New Definition of Victory

Within hours of last week’s ceasefire, media analysts in Israel were tripping over themselves to blame the political and military leadership for mismanaging Operation Protective Edge in Gaza.

“In a normal county … we would have expected the prime minister to … submit his resignation,” writes Shimon Shiffer, a respected columnist in Yediot Aharonot.

What sparks Shiffer’s ire is that Israel didn’t succeed in its stated goal of demilitarizing Gaza and imposing an inspection regime that would make it impossible for the terror group to re-arm. Also infuriating, in his mind, is that the massively out-armed Hamas managed to hold out for 50 days in a battle with the IDF, killing some 70 soldiers and civilians, wreaking havoc with the local economy and, mainly, “harming Israel’s honor and prestige.”

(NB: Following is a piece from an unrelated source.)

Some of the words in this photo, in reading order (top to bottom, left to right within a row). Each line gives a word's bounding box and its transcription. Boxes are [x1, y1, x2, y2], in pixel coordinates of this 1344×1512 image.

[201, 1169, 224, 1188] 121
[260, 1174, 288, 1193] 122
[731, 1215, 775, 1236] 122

Criticism, self-examination, investigation of a military operation as large as Operation Protective Edge are certainly in order, especially considering that Israel continues to be threatened by terrorists armed with long-range missiles. It is important and constructive to ask questions about how decisions were taken, whether goals were met, and at what price, but it is inappropriate for journalists with a clear political agenda to use a war to advance that agenda.

The angle taken by many in the media, that Israel lost the war — despite having dealt Hamas a powerful blow, destroyed more than 30 tunnels and killed a thousand terrorists — is unfair to the soldiers who fought in Gaza and demoralizing to the residents of the south who are being made to worry whether it is safe to go home.

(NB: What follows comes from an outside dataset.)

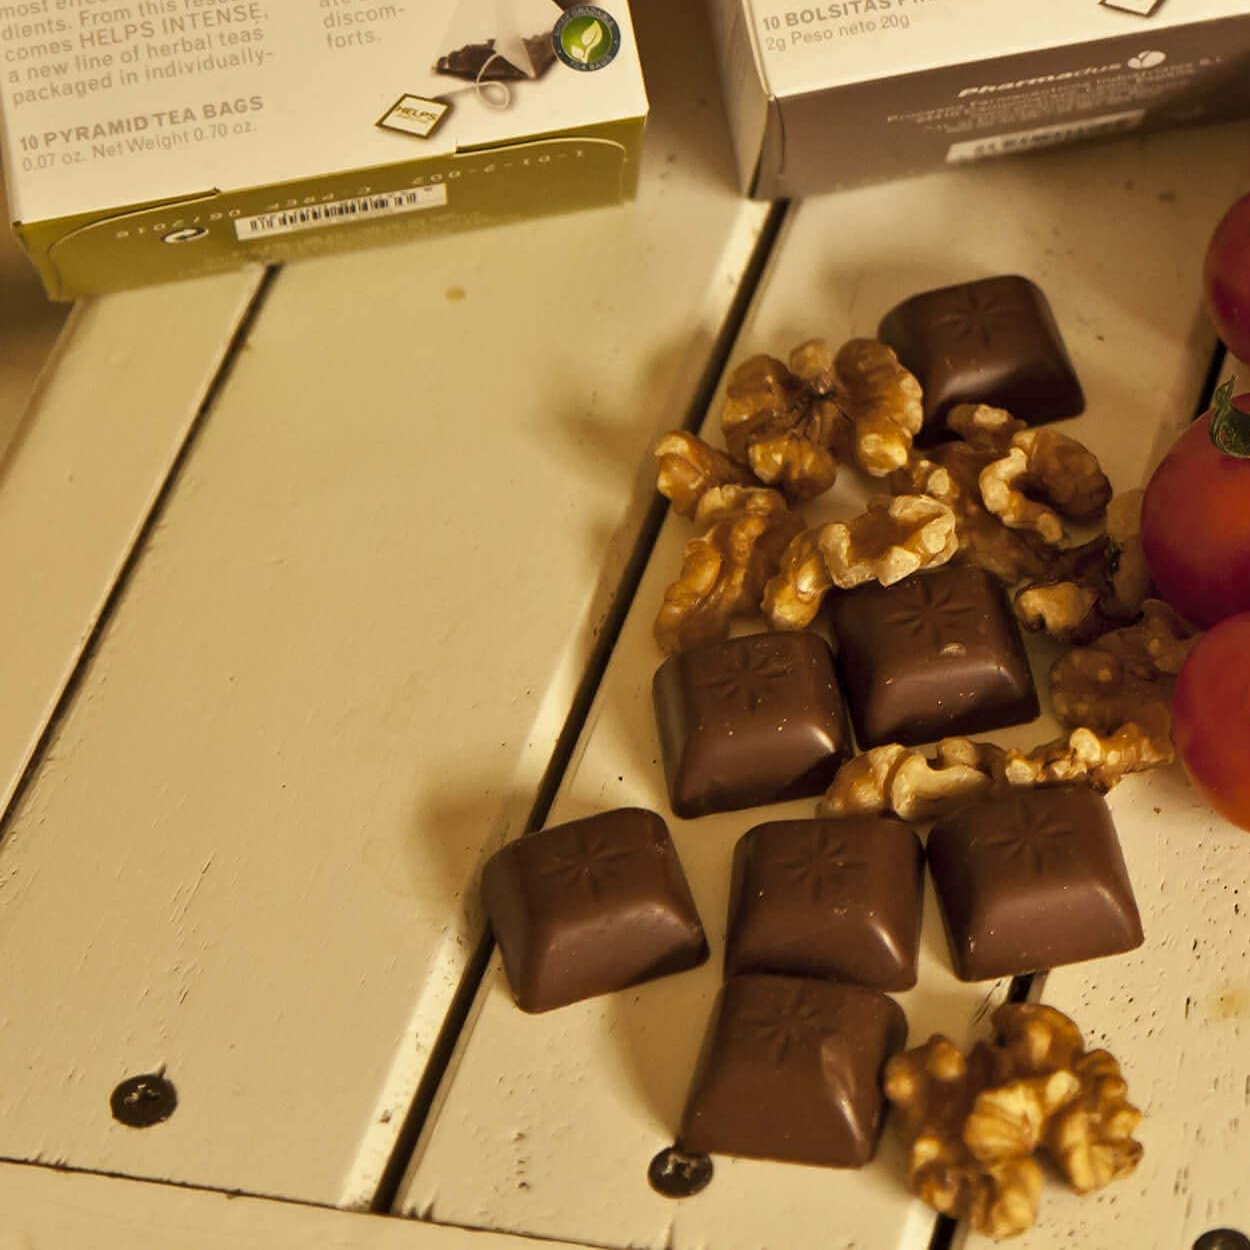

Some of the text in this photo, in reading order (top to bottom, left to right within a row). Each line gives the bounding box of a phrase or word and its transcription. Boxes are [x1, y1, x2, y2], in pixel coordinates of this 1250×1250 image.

It also reflects a misunderstanding as to how wars are won or lost on today’s assymetrical battlefield, which pits sovereign countries against terror groups armed with missiles and prepared to fire them indiscriminately at the civilian populations.

As former Israel Air Force commander Maj. Gen. (res.) David Ivry notes in a recent article, Israel needs to rethink David Ben-Gurion’s concepts of “deterrence,” “early warning” and “decisive victory,” which “are no longer fully valid,” writes Ivry in a paper for the BESA Center. “These concepts should no longer be used as the only or main criterion when evaluating military and political moves made in the context of the new situation.

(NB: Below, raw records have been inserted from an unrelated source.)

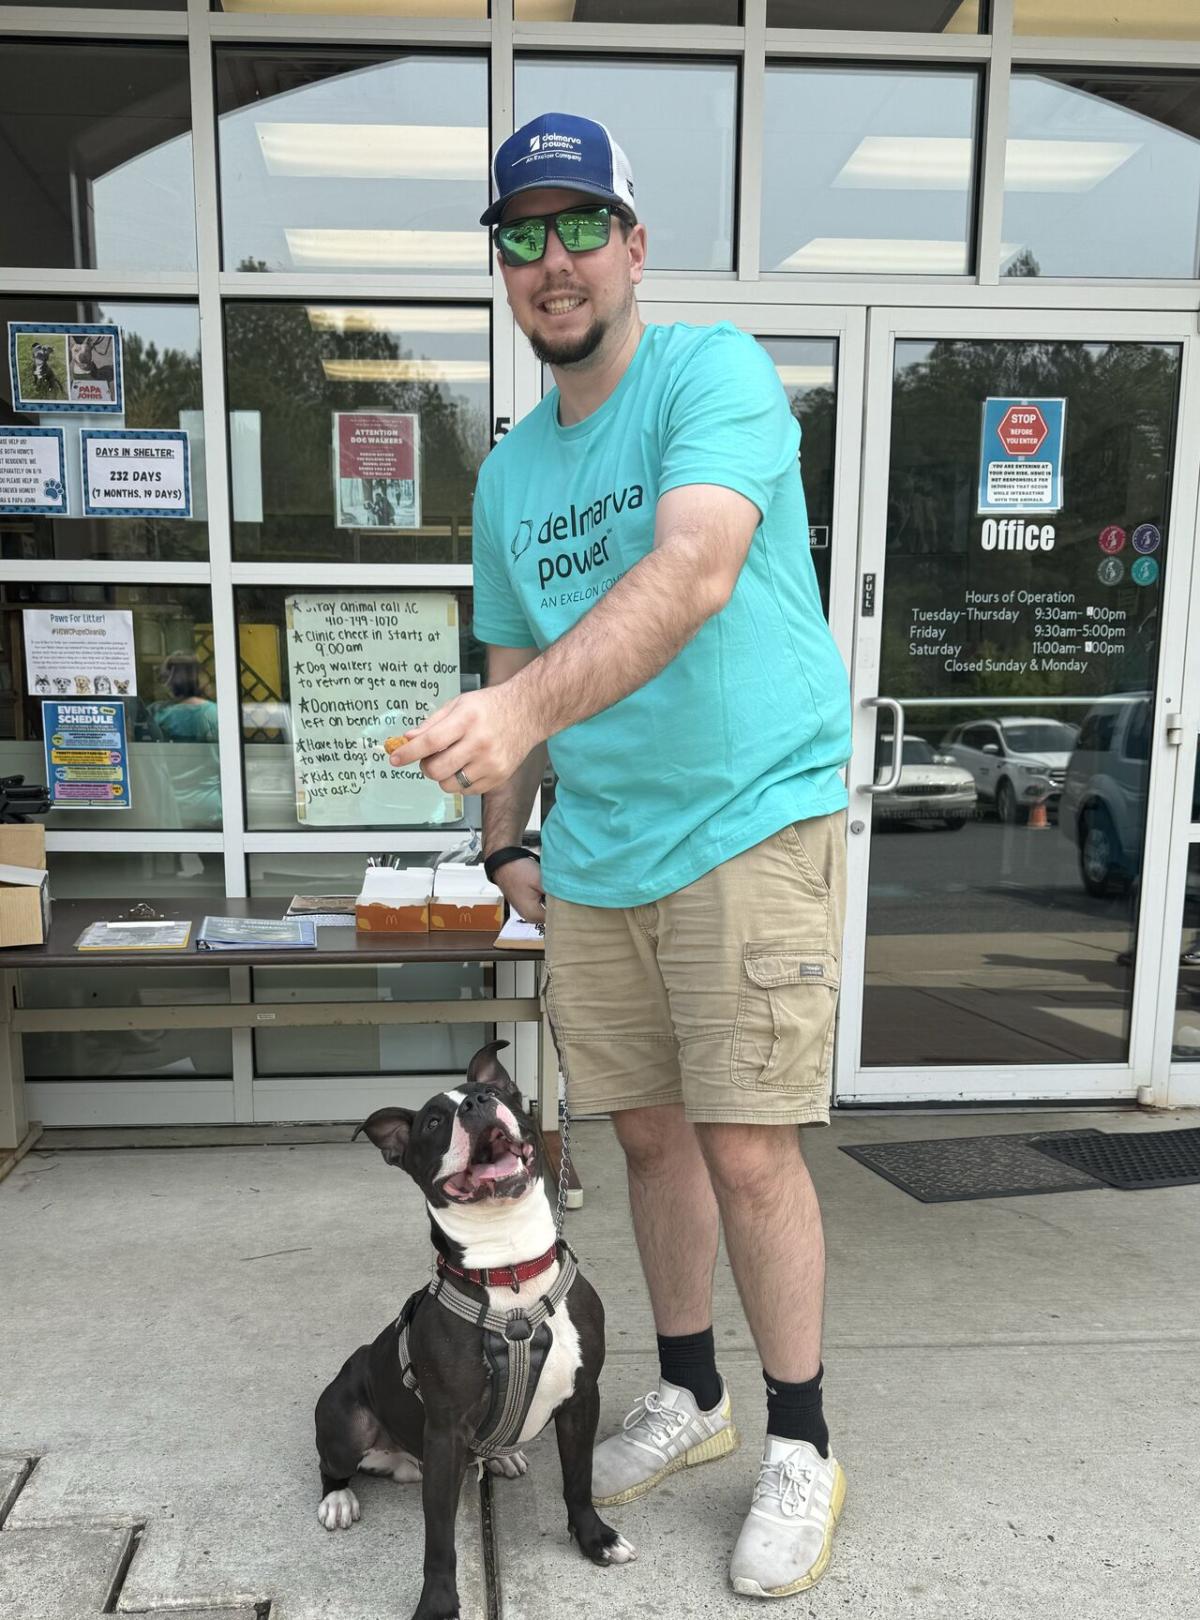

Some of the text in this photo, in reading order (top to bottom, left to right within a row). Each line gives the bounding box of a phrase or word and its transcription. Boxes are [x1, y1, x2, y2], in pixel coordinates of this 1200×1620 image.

[542, 133, 582, 144] delmarva
[542, 140, 570, 150] power
[1011, 414, 1036, 424] STOP
[96, 448, 175, 457] DAYS IN SHELTER:
[110, 472, 161, 482] 232 DAYS
[92, 489, 181, 500] (7 MONTHS, 19 DAYS)
[537, 484, 644, 544] delmarva
[980, 519, 1056, 551] Office
[538, 535, 610, 590] power
[540, 596, 557, 608] AN
[561, 583, 599, 606] EXELON
[965, 591, 1075, 606] Hours of Operation
[340, 601, 376, 613] animal
[381, 602, 400, 613] call
[50, 614, 106, 624] Paws For Litter!
[326, 616, 398, 626] 410-749-1070
[912, 608, 1020, 623] Tuesday-Thursday
[306, 630, 335, 642] Clinic
[338, 629, 369, 640] check
[372, 629, 382, 640] in
[428, 631, 441, 641] at
[910, 625, 1126, 641] Friday 9:30am-5:00pm
[909, 643, 962, 659] Saturday
[306, 661, 457, 677] Dog walkers wait at door
[944, 660, 1088, 674] Closed Sunday & Monday
[298, 677, 312, 689] to
[316, 676, 351, 688] return
[354, 677, 364, 685] or
[367, 677, 385, 690] get
[399, 678, 417, 687] new
[420, 679, 439, 697] dog
[58, 706, 98, 714] EVENTS
[311, 699, 429, 713] Donations can be
[58, 716, 113, 724] SCHEDULE
[301, 718, 324, 729] left
[329, 717, 343, 726] on
[347, 714, 381, 726] bench
[385, 716, 396, 725] or
[307, 739, 332, 751] Have
[334, 738, 344, 749] to
[346, 739, 358, 749] be
[300, 753, 314, 765] to
[344, 751, 367, 765] dogs
[372, 752, 385, 761] or
[311, 772, 334, 784] Kids
[338, 769, 357, 780] can
[360, 768, 376, 784] get
[381, 770, 387, 778] a
[306, 785, 350, 804] just ask

“While ‘deterrence’ remains relevant to preventing total war, we may lose the ability to deter violence in specific situations, such as launching rockets at Israel by terrorist organizations. In the context of limited-scale conflicts, partial military victories are attainable even if no decisive victory is achieved.”

In other words, while a conflict between two sovereign countries is only resolved when one of them concedes, a conflict between a country and a terror group won’t end in surrender as long as the terrorists have one rocket battery left to fire. Thus, to say that Israel “lost” the war is to misunderstand the nature of today’s new battlefield.

Moreover, it will be years before we understand the outcome of this war. As Ivry noted, Hizbullah fired 250 rockets on the last day of the 2006 Second Lebanon War and declared victory. But it has held its fire for the past eight years, providing Israel’s north with unprecedented quiet.

Finally, in their rush to blame Israel for agreeing to a ceasefire before bringing Hamas to its knees, the media’s back-seat generals fail to take into account that Israel faces more than one threat in the region and can’t afford to expend all its resources on conquering Gaza and uprooting Hamas.

As Prime Minister Binyamin Netanyahu explained on the weekend to Channel 2 News, “Today, when I look around and I see al-Qaida on the [border] fence, and ISIS galloping into Jordan and already in Lebanon, and in Lebanon there is Hizbullah that is a little larger than Hamas, and Iran that backs it, and Iran [itself] — and I say, in the face of these combined threats, we set a goal in the Cabinet, to deal Hamas a very severe blow, and we did this, with the thousand terrorists we killed, the senior commanders, the tunnels, the rockets … I decided not to put all of our resources into this single arena and not into other arenas.”

What emerges is a growing recognition that military might is not enough to achieve deterrence. In the case of Hizbullah, for instance, the quiet of the past eight years had to do with the terror group’s fear of losing its political influence in Lebanon and its preoccupation with the civil war in Syria.

Last week’s parashah offered a number of insights. On the passukTzedek tzedek tirdof, le’ma’an tichyeh v’yarashta es haaretz” (16, 20), Rashi points out that in the merit of appointing fitting dayanim, we can live in Eretz Yisrael in peace.

Along the same lines, Rashi later points out (20,1) that if there is mishpat tzedek, justice, then we are promised that, if we have to go to war, we will prevail.

Finally, on the passuk,v’amar aleihem shema Yisrael” (20, 30), Rashi notes that “even if all you have is the merit of Kriyas Shema , you are worthy of being saved.”

Our fervent tefillah is that this war, which saw an unprecedented spiritual lift that crossed all lines, will lead Am Yisrael to embrace the only genuine form of deterrence, and win the only genuine victory.